SUPPLIED DATA
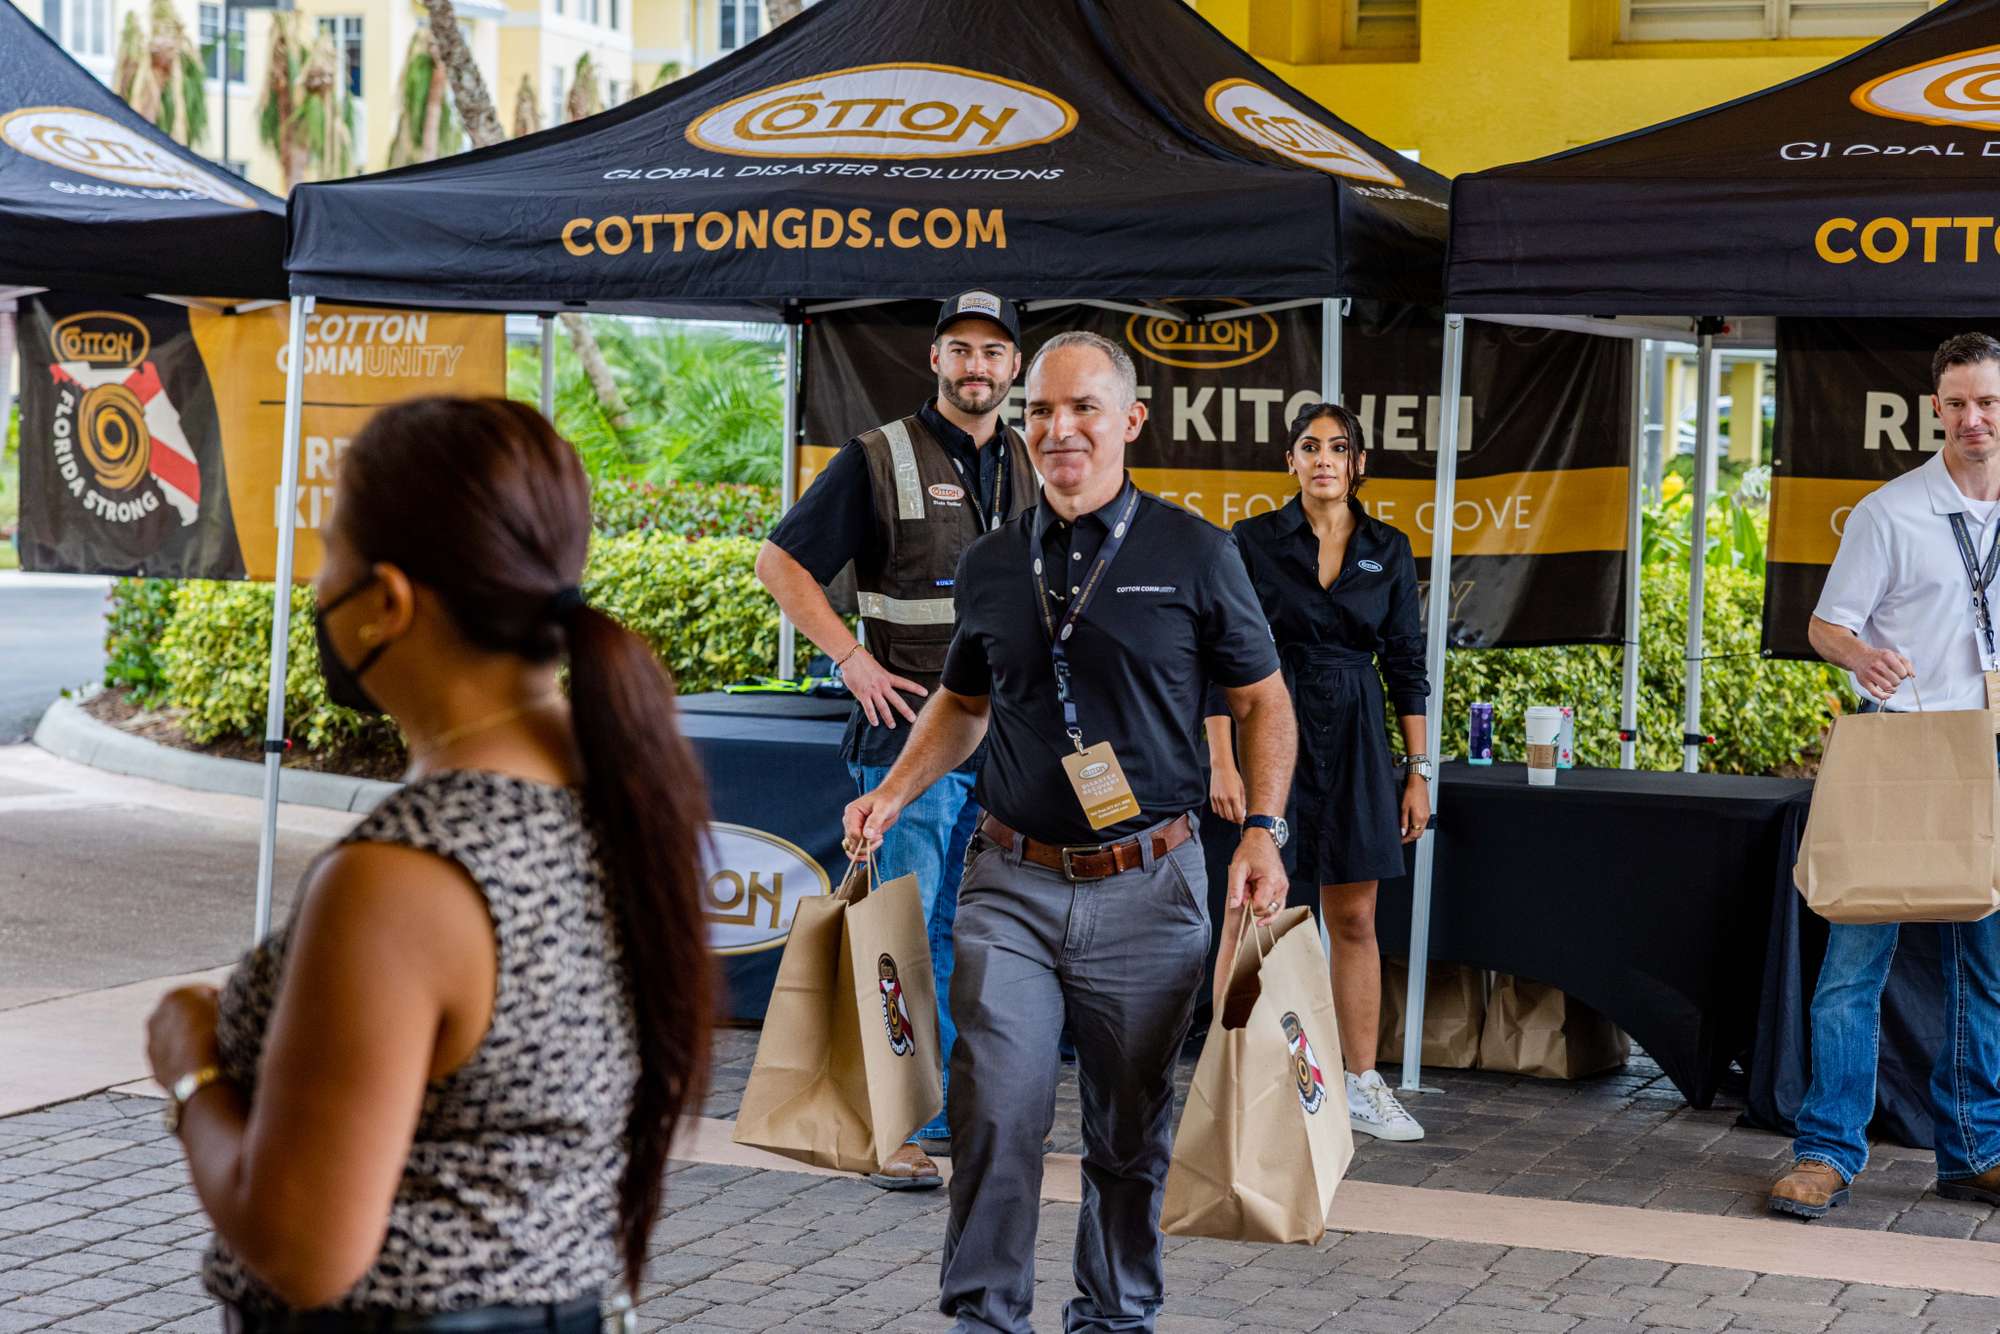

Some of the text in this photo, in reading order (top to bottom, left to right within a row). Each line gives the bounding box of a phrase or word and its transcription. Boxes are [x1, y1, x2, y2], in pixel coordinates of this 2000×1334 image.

[733, 91, 1019, 146] COTTON
[603, 163, 1064, 180] GLOBAL DISASTER SOLUTIONS
[561, 207, 1007, 257] COTTONGDS.COM
[1814, 217, 2000, 264] COTT
[60, 326, 135, 363] COTTON
[306, 314, 429, 345] COTTON
[53, 390, 86, 497] FLORIDA
[83, 490, 160, 523] STRONG
[1223, 493, 1296, 526] FO
[1116, 585, 1140, 593] COTTON

EXERCISE PROMPT
Your answer must be an exact repeat of all the records, minus the pictures.

EXERCISE SOLUTION
Some of the text in this photo, in reading order (top to bottom, left to right within a row). Each line gives the bounding box of a phrase or word and its transcription. Boxes are [x1, y1, x2, y2], in pixel coordinates of this 2000×1334 image.

[733, 91, 1019, 146] COTTON
[603, 163, 1064, 180] GLOBAL DISASTER SOLUTIONS
[561, 207, 1007, 257] COTTONGDS.COM
[1814, 217, 2000, 264] COTT
[60, 326, 135, 363] COTTON
[306, 314, 429, 345] COTTON
[53, 390, 86, 497] FLORIDA
[83, 490, 160, 523] STRONG
[1223, 493, 1296, 526] FO
[1116, 585, 1140, 593] COTTON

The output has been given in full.